*What you are asked to do*
Repeat every record exactly as written, but leave out the pictures.

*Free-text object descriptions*
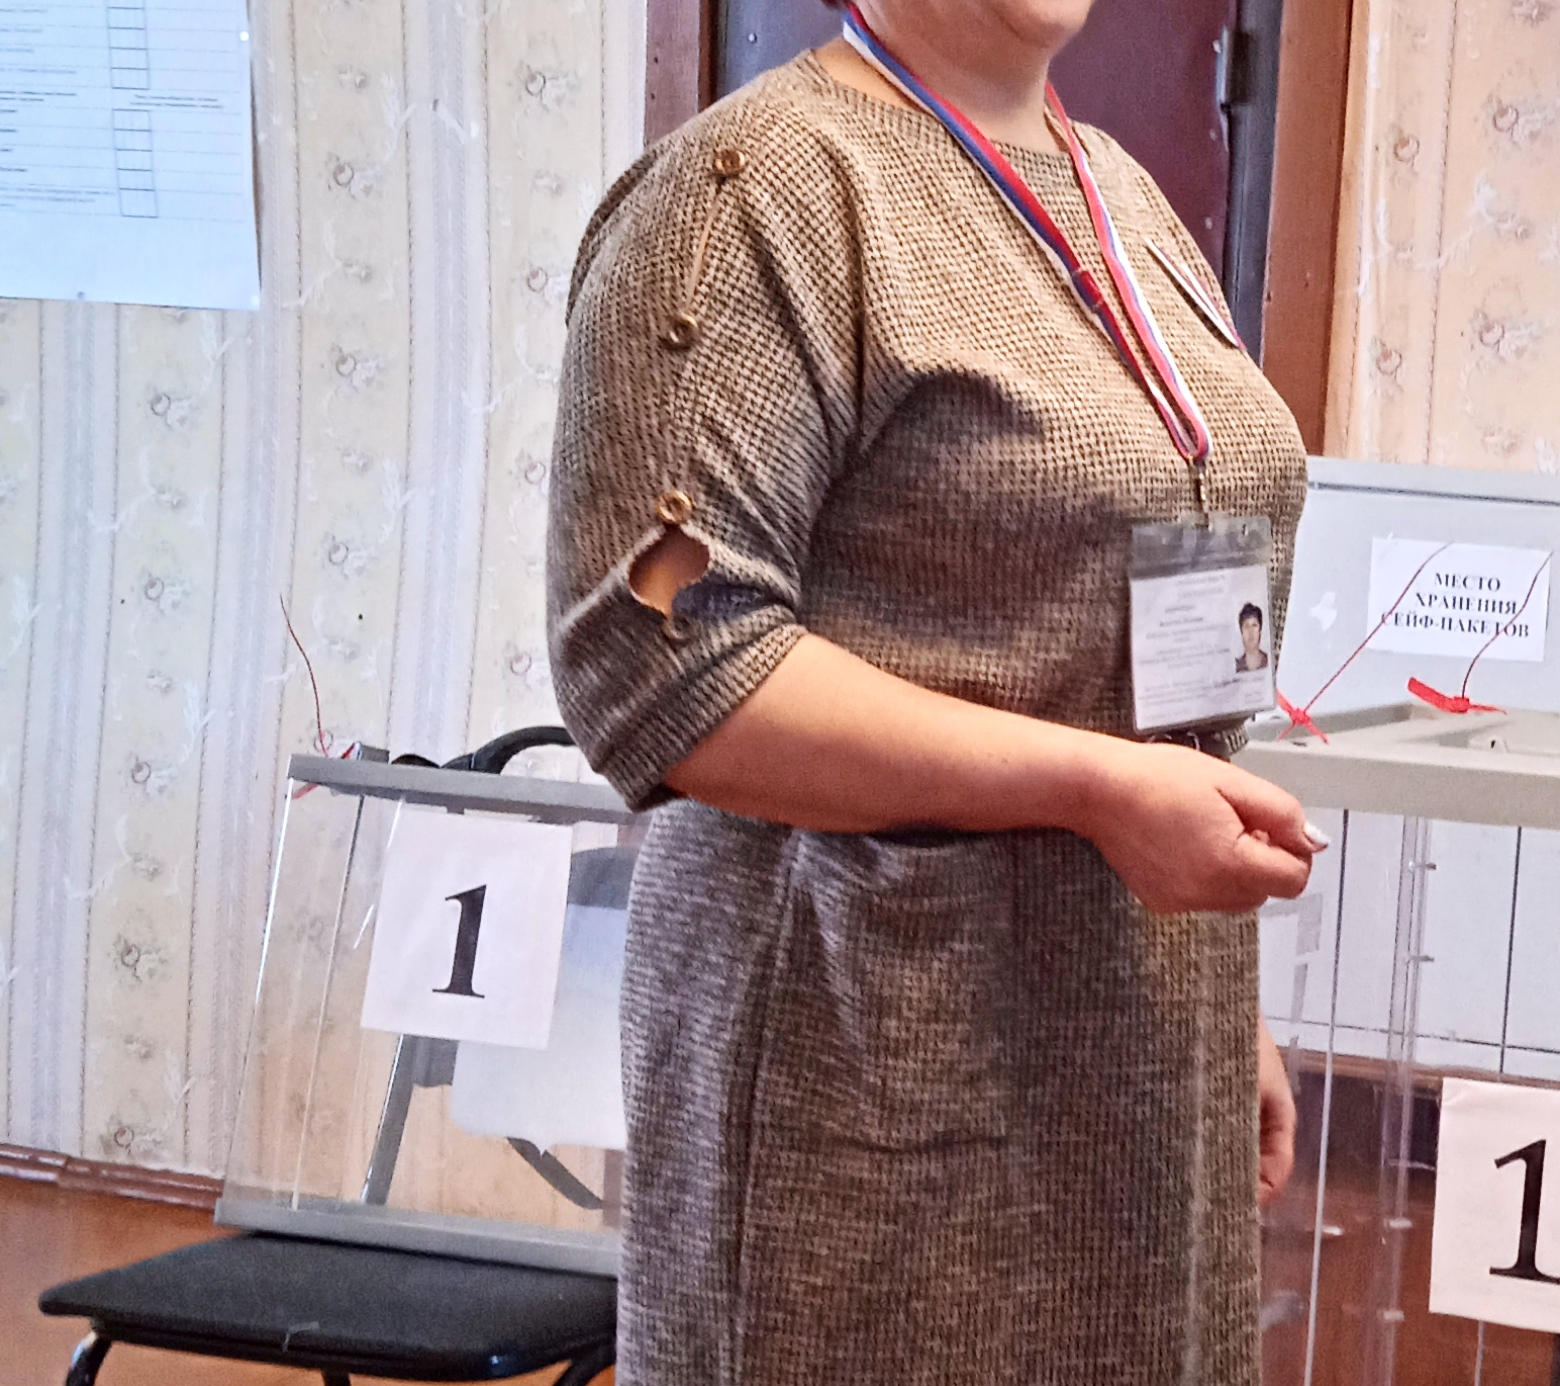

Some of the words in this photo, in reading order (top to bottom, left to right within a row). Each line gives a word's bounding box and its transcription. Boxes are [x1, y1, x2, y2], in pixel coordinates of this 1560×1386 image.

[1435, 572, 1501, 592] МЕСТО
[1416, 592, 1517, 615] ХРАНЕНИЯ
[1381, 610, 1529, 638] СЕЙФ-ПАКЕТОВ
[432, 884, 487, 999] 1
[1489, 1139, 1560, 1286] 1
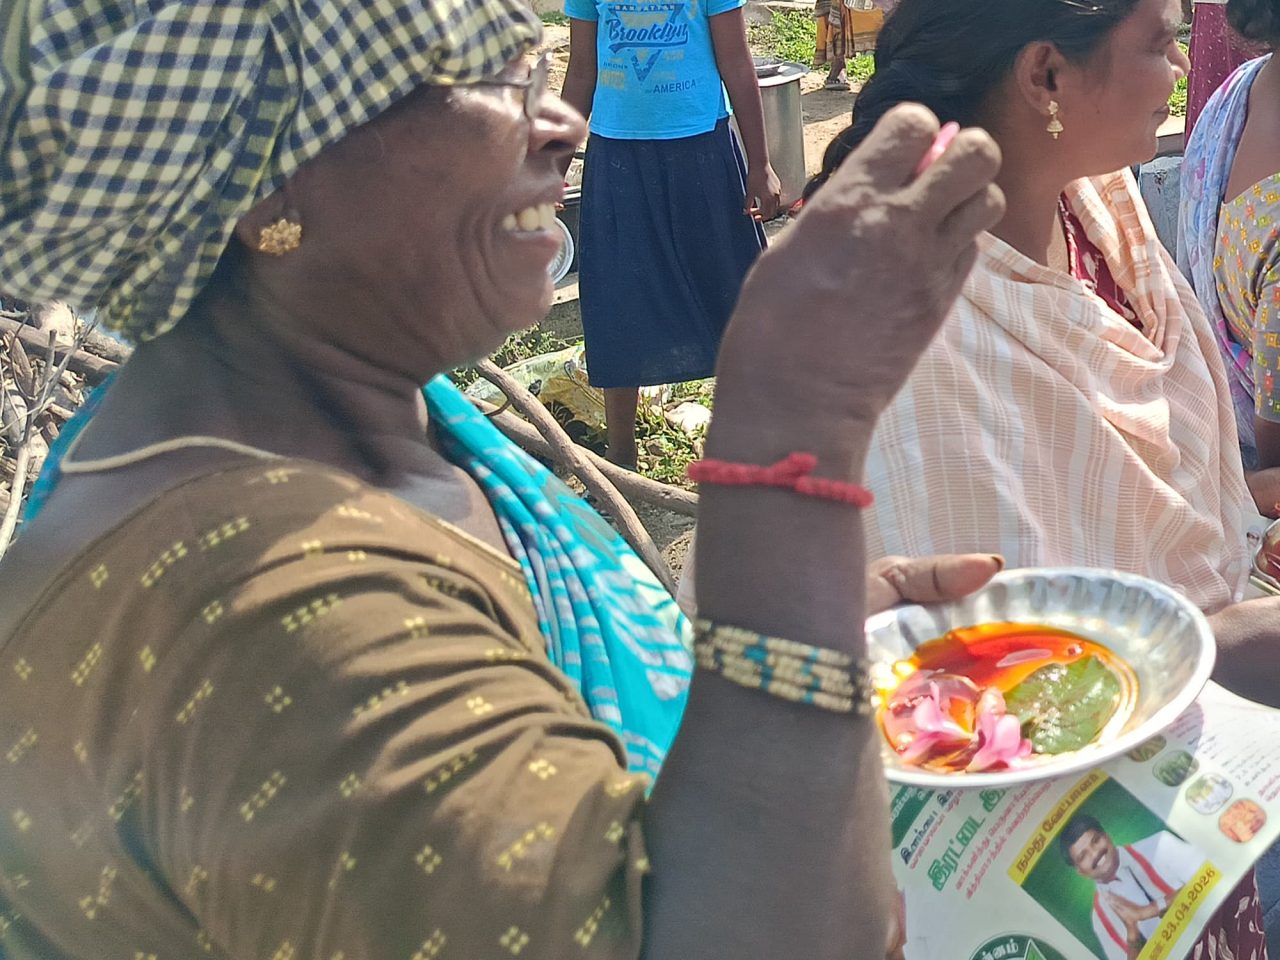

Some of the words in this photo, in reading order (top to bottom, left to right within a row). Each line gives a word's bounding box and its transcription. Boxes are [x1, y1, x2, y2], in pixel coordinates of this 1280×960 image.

*Task solution*
Some of the words in this photo, in reading order (top to bottom, left to right within a row). Each line gives a word's bounding box and its transcription. Boxes are [x1, y1, x2, y2], in pixel coordinates of this 1560×1386 image.

[1435, 572, 1501, 592] МЕСТО
[1416, 592, 1517, 615] ХРАНЕНИЯ
[1381, 610, 1529, 638] СЕЙФ-ПАКЕТОВ
[432, 884, 487, 999] 1
[1489, 1139, 1560, 1286] 1

Some of the words in this photo, in reading order (top to bottom, left to right within a row). Each line gives a word's bounding box and its transcription. Boxes are [x1, y1, x2, y2], in pixel coordinates of this 1280×960 image.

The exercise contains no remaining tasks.